Fairyland and Nostalgia
04/06/2026
I was planning on waiting until I watched something tomorrow to make my next blog post but this film I just saw left me with some thoughts. Recently the video game world has been abuzz with discussion of the recent “indie” game Mixtape (2026). While much of the discussion has been focused around pointless arguments about the “wokeness” of the game and its supposed lack of interactivity, both meaningless arguments as far as I can tell, the main thing that has stuck with me is the way that media about the past seems to be stuck in this space of adoring what came from that past while ignoring the context of how those things were enjoyed in their time, such as a protagonist knowing too much about music for a person who was around before the modern internet. While for some this might just disconnect them emotionally from the media being engaged with, for me it reflects both an inability to see the past for how awful it was as well as an inability to create any real progress.
Fairyland (2023) is not a great film. The writing feels more like conversations someone would make up in the shower long after an interaction rather than something in the moment, and the constant close ups of the faces of the actors reflects more an attempt to make up for the bad script rather than a way to truly dive into the psyche of the characters. I do not really recommend watching this film. That being said I do think it presents something interesting about how we view nostalgia. For the first 30 minutes of this film I was hit with the same groan inducing presentations of nostalgia that litter media like Mixtape. For a brief synopsis in order to get everyone acquainted with the narrative. Alysia and her father Steven move to San Francisco after her mother dies in a horrific car accident, where she grows up while her father begins to fully embrace his previously closeted queer lifestyle. During the opening scenes of the film, Alysia is seen playing with the exact same Fisher Price house that my father who grew up in the 1970s had. When the time period jumps to what I assume is the early to mid 80s, there’s an extended scene in a record shop where she name-drops various bands of the time in a scene that could have had the same outcome regardless of her saying that she’s into OMD. These cringe worthy moments were almost enough to make me add them to the growing list of issues I was having with the film, until the film revealed its true nature: it’s an AIDs movie. Once the virus entered the lives of the main characters, the tone of the film completely shifted. There were no more references to nostalgia or media, instead the references that date the film are instead focused on the political and social issues of the time.
In a very basic way, this could just be representative of how as a child our memory is focused on the fun things, like music and toys, but I think in conjunction with the very didactic ending this view on nostalgia is something more powerful. By lulling the audience in with familiar filmic cues such as onscreen toys as set dressing, needle drops, or even the omnipresent film grain; the film is able to further emotionally affect the audience by taking this space of peace and nostalgia and filling it with reminders of the injustices committed by the governments who had the responsibility to help those who cruelly and tragically died. The film seems to be taking the stance that if we’re going to reflect on the past, we need to always be aware of all of the awful things that were occurring then.
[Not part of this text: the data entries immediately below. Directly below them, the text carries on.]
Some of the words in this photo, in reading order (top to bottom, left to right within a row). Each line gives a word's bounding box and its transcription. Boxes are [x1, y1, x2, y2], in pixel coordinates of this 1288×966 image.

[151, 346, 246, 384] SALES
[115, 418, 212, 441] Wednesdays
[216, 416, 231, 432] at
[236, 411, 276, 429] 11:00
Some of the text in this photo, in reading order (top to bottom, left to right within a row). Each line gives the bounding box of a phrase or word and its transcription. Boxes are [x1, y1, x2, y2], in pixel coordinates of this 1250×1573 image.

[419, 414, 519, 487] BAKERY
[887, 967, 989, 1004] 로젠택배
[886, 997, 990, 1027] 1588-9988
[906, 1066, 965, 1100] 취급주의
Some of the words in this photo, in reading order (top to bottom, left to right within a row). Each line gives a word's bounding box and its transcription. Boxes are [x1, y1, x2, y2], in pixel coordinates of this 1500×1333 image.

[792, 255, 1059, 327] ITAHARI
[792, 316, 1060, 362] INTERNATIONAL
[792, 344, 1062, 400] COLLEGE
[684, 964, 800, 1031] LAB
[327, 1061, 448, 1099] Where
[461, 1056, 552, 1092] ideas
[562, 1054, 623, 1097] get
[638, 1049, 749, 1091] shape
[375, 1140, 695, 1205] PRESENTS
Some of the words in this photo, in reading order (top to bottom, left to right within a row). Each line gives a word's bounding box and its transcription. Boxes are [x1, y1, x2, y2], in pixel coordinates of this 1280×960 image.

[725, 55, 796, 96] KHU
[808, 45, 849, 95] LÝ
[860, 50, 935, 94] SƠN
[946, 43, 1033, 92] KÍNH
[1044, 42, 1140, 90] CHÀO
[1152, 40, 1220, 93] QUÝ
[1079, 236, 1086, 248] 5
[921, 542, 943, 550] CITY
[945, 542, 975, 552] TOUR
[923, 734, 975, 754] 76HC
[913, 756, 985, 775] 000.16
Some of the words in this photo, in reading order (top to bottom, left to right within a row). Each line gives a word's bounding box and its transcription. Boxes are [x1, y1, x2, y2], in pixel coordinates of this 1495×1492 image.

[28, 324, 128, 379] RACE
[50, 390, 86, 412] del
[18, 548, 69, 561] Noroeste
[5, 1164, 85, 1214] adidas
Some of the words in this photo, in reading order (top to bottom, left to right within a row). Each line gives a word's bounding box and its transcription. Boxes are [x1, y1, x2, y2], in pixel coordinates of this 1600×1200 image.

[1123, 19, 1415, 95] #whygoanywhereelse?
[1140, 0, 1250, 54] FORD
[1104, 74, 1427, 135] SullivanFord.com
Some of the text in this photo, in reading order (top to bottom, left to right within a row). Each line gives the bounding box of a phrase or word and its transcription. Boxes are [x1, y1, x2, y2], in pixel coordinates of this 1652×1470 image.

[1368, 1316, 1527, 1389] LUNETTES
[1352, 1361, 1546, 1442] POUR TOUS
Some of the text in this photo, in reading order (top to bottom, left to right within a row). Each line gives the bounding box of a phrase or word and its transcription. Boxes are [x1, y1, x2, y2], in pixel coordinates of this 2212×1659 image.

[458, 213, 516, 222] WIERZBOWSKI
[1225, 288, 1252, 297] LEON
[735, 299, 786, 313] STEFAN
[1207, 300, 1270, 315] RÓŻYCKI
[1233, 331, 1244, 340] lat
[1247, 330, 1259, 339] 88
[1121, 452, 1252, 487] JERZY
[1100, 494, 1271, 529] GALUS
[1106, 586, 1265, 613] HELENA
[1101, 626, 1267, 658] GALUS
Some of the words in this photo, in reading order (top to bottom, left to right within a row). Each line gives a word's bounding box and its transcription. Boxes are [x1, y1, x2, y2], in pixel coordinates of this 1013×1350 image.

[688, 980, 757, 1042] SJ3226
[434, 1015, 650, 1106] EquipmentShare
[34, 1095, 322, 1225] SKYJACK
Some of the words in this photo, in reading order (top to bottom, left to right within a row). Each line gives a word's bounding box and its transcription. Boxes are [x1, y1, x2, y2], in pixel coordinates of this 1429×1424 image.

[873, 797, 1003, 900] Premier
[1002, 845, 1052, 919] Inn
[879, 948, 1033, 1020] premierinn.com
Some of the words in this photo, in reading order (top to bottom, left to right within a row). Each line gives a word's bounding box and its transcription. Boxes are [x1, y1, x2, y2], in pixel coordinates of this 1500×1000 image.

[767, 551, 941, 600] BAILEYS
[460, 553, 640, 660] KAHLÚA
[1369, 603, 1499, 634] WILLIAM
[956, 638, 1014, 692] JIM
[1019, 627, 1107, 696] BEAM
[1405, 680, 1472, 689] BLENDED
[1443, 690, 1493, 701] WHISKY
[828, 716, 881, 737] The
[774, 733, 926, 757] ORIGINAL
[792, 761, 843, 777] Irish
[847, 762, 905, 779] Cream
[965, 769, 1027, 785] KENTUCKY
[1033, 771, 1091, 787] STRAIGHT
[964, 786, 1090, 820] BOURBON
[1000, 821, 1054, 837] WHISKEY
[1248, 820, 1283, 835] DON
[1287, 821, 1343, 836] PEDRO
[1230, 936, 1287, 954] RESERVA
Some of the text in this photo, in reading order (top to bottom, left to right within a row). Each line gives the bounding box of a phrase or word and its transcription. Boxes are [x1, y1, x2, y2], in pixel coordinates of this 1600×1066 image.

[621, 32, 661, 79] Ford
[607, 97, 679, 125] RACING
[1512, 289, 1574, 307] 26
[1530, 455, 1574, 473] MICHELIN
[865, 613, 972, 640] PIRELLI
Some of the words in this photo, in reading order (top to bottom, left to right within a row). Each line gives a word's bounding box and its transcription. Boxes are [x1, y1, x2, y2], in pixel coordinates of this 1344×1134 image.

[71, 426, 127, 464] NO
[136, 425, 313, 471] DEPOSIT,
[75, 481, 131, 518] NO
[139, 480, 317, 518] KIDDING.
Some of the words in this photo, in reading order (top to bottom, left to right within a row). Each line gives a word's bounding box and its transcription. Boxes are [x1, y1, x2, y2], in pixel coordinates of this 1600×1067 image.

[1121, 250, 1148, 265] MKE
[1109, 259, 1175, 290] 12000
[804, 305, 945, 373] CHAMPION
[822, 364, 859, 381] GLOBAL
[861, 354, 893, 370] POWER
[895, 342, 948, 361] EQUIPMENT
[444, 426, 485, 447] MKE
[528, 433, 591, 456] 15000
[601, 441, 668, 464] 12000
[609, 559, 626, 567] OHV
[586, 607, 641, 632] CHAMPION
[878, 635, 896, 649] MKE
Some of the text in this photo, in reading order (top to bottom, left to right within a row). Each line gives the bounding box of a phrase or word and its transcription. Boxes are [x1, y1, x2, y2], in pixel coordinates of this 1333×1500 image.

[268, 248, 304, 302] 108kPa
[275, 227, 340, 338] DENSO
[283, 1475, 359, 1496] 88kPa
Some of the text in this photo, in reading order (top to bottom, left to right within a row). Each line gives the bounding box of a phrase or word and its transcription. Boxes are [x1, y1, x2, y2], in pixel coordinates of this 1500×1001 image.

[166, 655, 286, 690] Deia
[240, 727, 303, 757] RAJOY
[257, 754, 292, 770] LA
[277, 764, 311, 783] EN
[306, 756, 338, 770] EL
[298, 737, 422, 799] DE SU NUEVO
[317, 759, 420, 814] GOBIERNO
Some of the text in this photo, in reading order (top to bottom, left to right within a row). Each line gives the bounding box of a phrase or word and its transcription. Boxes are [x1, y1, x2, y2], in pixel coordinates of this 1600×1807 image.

For every reminder of the simple life of living in a two bedroom condominium that Metric’s Old World Underground, Where Are You Now? (2003) provides, effort also needs to be taken to remember how that period of time was filled with death and torture for not only those living in the Middle East, but those in other countries believed by racists to be from that area, and how the money that allowed you to listen to that music may have come directly from the death of innocent people. Alison Landsberg observed what she called “prosthetic memory” in her book of the same name, basing the term around the idea that the emotions we feel while watching a film result in us turning the memories of the characters into our own emotional memories (2004). Fairyland utilizes this method of appendaging prosthetic memory in order to take something that the viewer may hold dear and cause them to never be without the reminder of what happened, as the final shot of Alysia staring into the camera is directly telling the audience to never forget.
Now, that’s not to say that nostalgia is an evil thing or can’t be fun. If anything I would be a hypocrite for expressing that, what with my obsession of analyzing years of music and film. What I am trying to say is that this film makes the case that a focus on nostalgia can end up masking the mistakes of the past that need to be remembered in order to not be repeated, or at the very least to understand the privilege that comes from being able to appreciate those memories. People really just need to be more mindful of how the world around us has come to be. We’ll never be individually perfect at it, but that’s why we need to work together at it. Now go be an active engager of art and stop reading this pointless drivel.
Sources:
Landsberg, A. (2004). Prosthetic memory: the transformation of American remembrance in the age of mass culture. New York: Columbia University Press.